Negatividade material e universalidade crítica: a reconstrução do político na Política da Libertação
DOI:
https://doi.org/10.36517/arf.v18i1.96508Palavras-chave:
Política da Libertação. Filosofia Política Crítica. Colonialidade. Negatividade material. Teoria normativa-realista.Resumo
O artigo parte do diagnóstico dos limites estruturais da filosofia política moderna eurocêntrica, especialmente em suas vertentes liberal e procedimental, para sustentar que ela opera a partir de uma dupla insuficiência: a abstração da materialidade da vida como critério normativo e a universalização indevida da experiência histórica do Norte global. Argumenta-se que essa matriz teórica tende a reduzir a política ora à formalidade institucional, ora à sua compreensão exclusiva como exercício de dominação, comprometendo a construção de uma teoria normativa capaz de enfrentar as contradições do sistema moderno-colonial e capitalista.
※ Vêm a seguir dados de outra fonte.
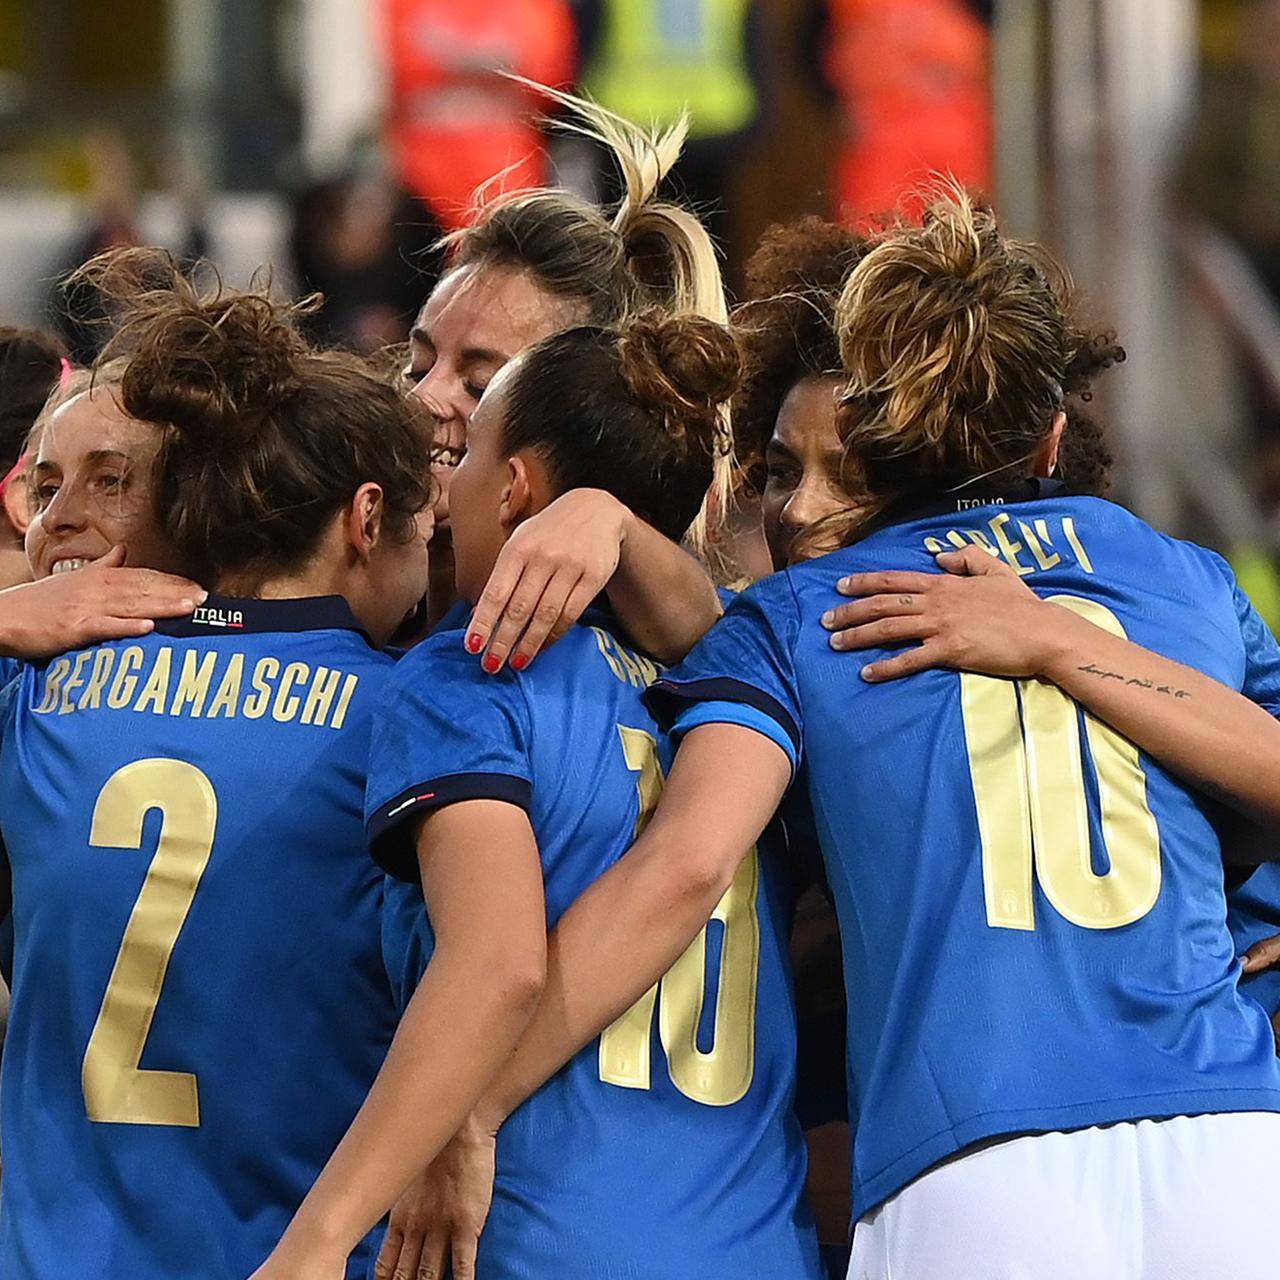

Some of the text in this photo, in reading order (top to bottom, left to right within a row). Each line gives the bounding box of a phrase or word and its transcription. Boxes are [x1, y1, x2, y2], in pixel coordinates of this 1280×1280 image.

Como hipótese central, defende-se que a Política da Libertação de Enrique Dussel oferece uma reconstrução normativa-realista do político apta a superar tais limites. Ao situar metodologicamente a reflexão no lugar epistemológico das vítimas e ao articular negatividade material e momento criativo da política, Dussel reinscreve a dominação como momento interno — e não como essência — do processo político. O critério da produção e reprodução da vida da comunidade política permite distinguir entre exercício legítimo e exercício fetichizado do poder, reconstruindo a universalidade como tarefa crítica situada.